And then there is the disturbing matter of “corpse light.” At Gettysburg, the layer of dirt covering the mass graves was so thin that a strange phosphorescence emanated from the ground at night. For years, understandably, locals shunned such places as haunted. Eerie glows reported near cemeteries, will-o’-the-wisp phenomena, even the blue flames that Slavic folktales describe as appearing over the sites of buried treasure on St. George’s Eve (and used to such chilling effect in the opening pages of
Dracula
) are typically written off as cases of hyperimagination. Yet, they might be actual instances of bioluminescence:
Photobacterium fischeri,
forensic pathologists will tell you, is but one of many luminous bacteria known to settle on a shallowly buried body.

D
ON’T
M
OCK
Y
OUR
O
WN
G
RINNING

Certainly the most dramatic manifestation of suspected vampirism is blood at the mouth.

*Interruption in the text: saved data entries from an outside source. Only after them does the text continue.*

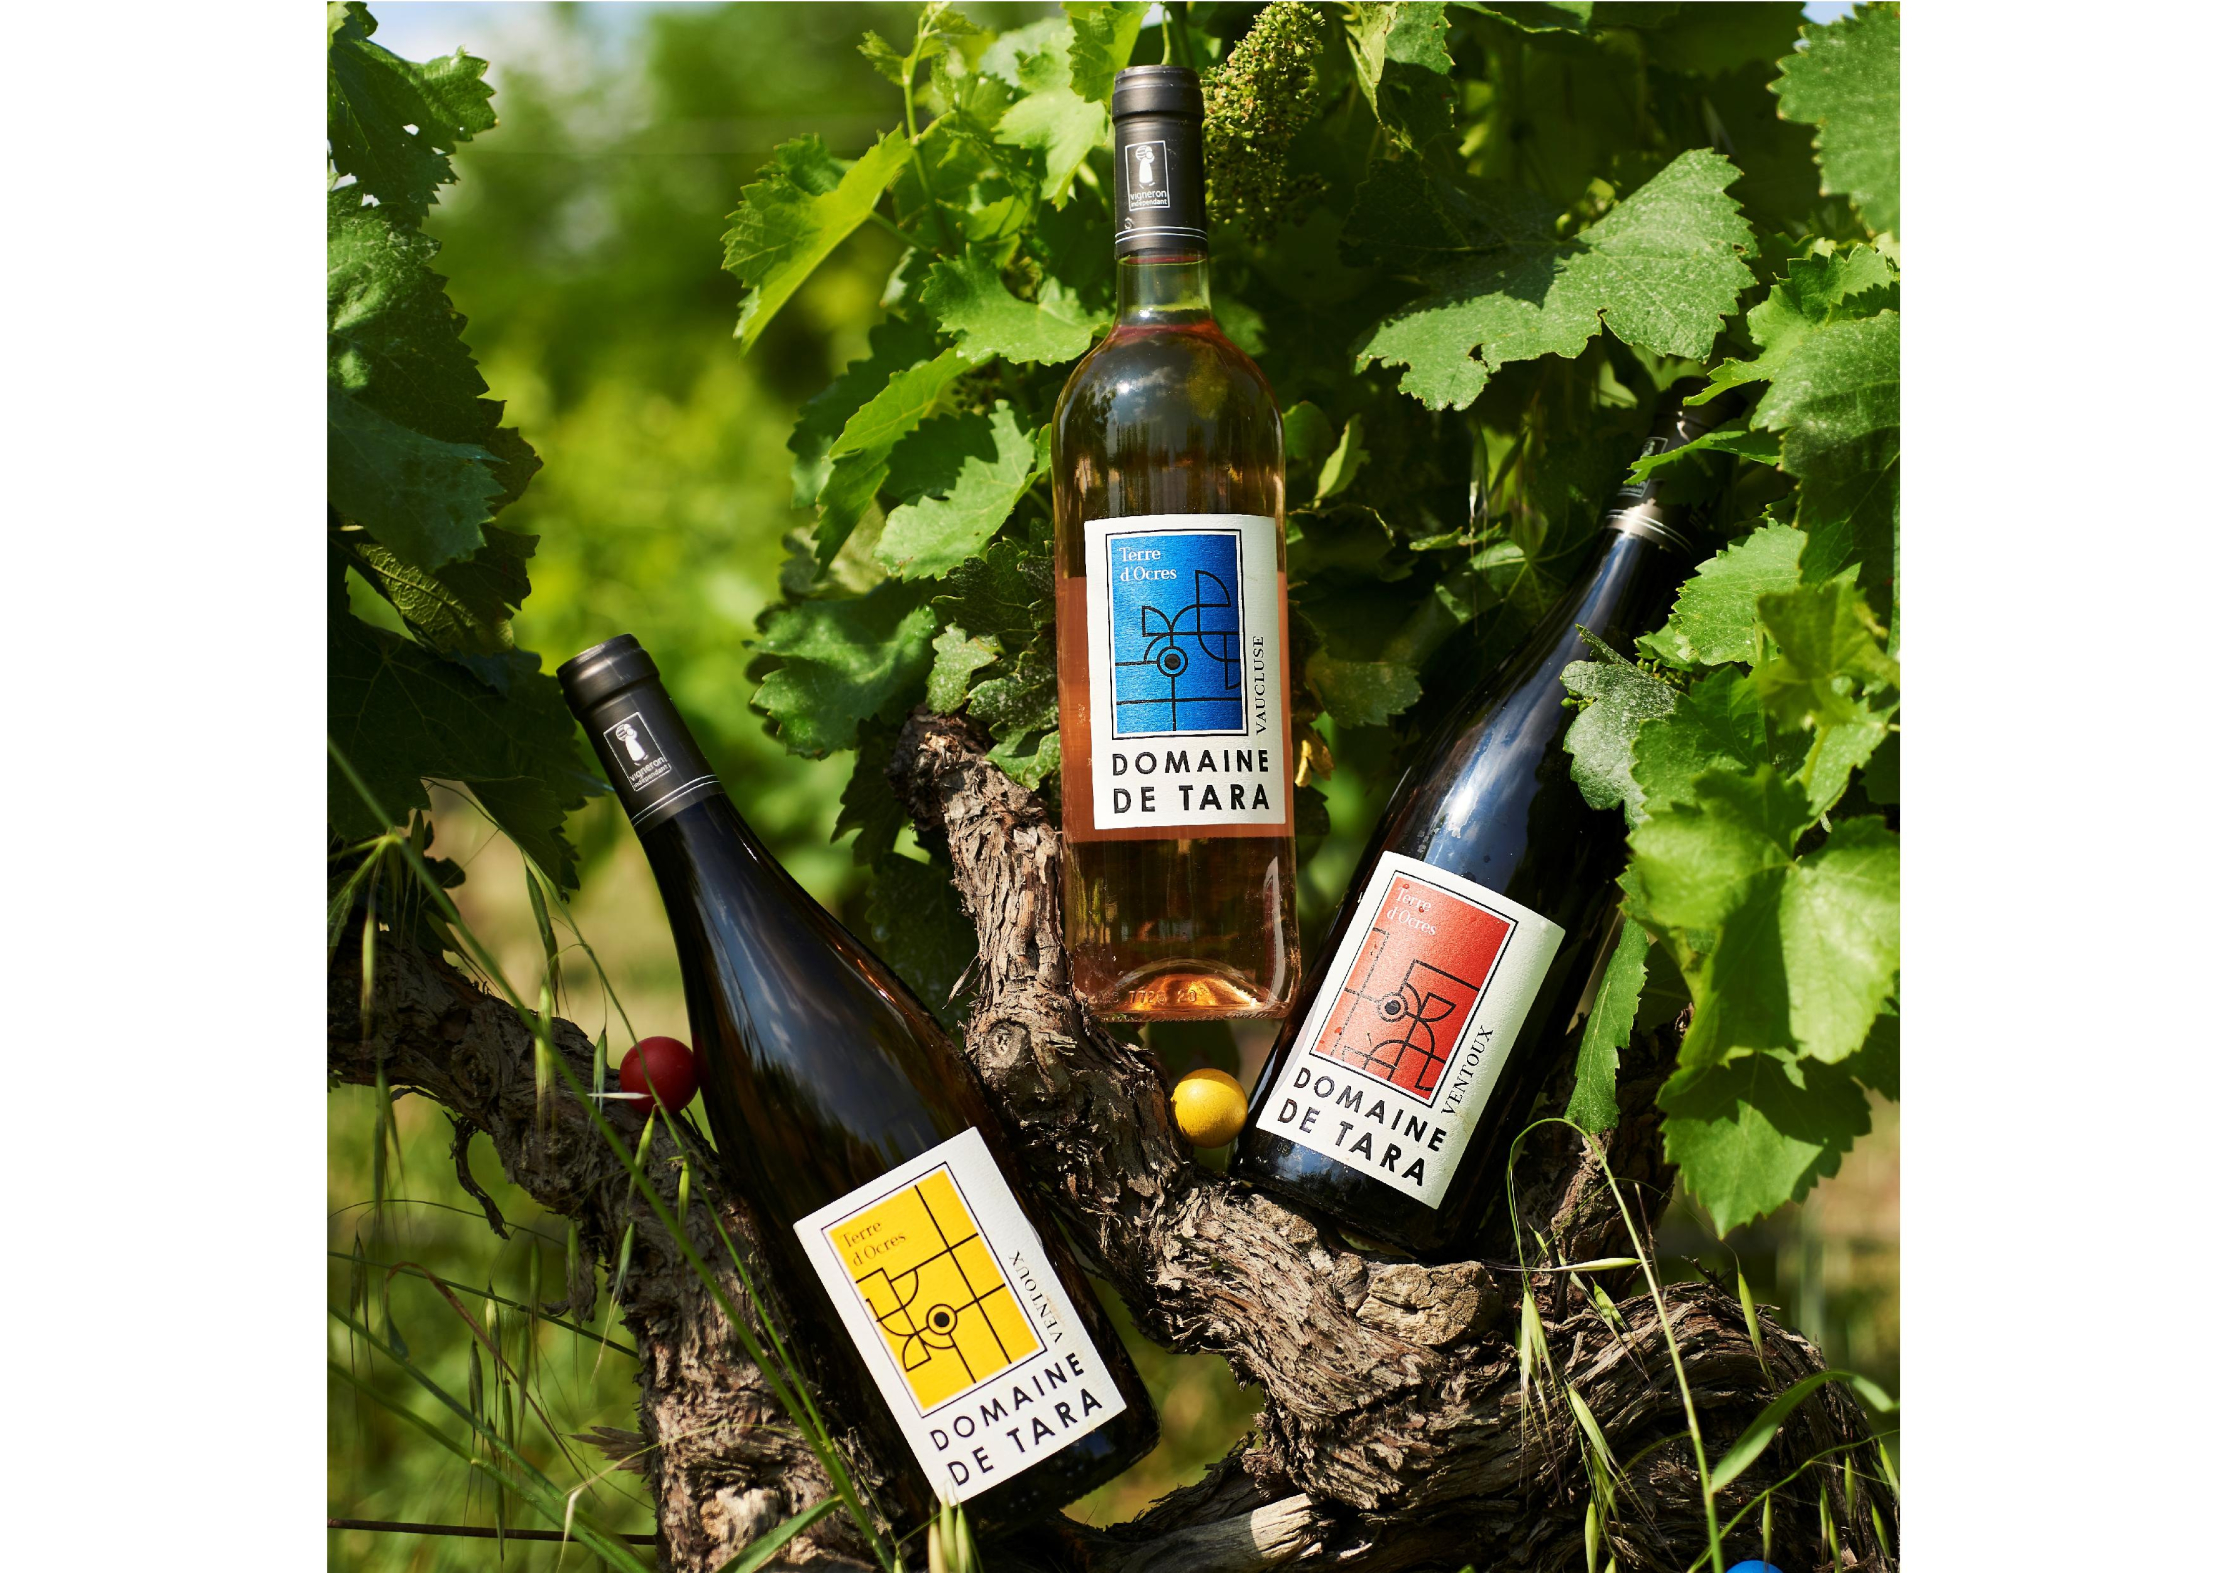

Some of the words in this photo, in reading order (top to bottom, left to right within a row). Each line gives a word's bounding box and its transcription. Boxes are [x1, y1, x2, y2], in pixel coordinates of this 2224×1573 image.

[1130, 191, 1167, 201] vigneron
[1119, 547, 1161, 562] Terre
[1120, 564, 1177, 582] d'Ocres
[1253, 635, 1266, 736] VAUCLUSE
[630, 757, 664, 780] vigneron
[1112, 750, 1269, 776] DOMAINE
[1113, 786, 1156, 814] DE
[1179, 784, 1270, 811] TARA
[1394, 886, 1432, 913] Terre
[1386, 906, 1438, 937] d'Ocres
[1441, 1024, 1494, 1116] VENTOUX
[1293, 1066, 1447, 1152] DOMAINE
[1277, 1098, 1321, 1133] DE
[1335, 1121, 1426, 1187] TARA
[842, 1220, 882, 1249] Terre
[852, 1231, 906, 1267] d'Ocres
[1008, 1250, 1064, 1345] VENTOUX
[929, 1352, 1085, 1451] DOMAINE
[947, 1446, 994, 1487] DE
[1007, 1388, 1103, 1453] TARA

Surely that was the vampire’s most recent meal, now trickling down its chin? Horrifying as they appear, bloody lips on the dead are nothing out of the ordinary. “Decay of the internal organs,” Borrini points out, “creates a dark fluid sometimes known as ‘purge fluid’: it can flow freely from the nose and mouth (or from the corpse, if it is staked) and could easily be confused with the blood sucked by the vampire.”

Exhumed cadavers are likewise frequently reported as wallowing in blood-filled coffins. That was an unfailing sign of vampirism because blood was known to coagulate after death. Well, yes and no: Under certain circumstances—especially if death was abrupt—blood might reliquefy. But though blood will out, as the proverb has it, the liquid that seeps out of a corpse’s orifices into the coffin is almost certainly, Borrini says, purge fluid.

Bodies can also literally return from the grave. If not buried deep enough, their natural buoyancy might propel them to the surface. This may explain why archaeologists have found so many skeletons deliberately weighted down by rocks or timbers.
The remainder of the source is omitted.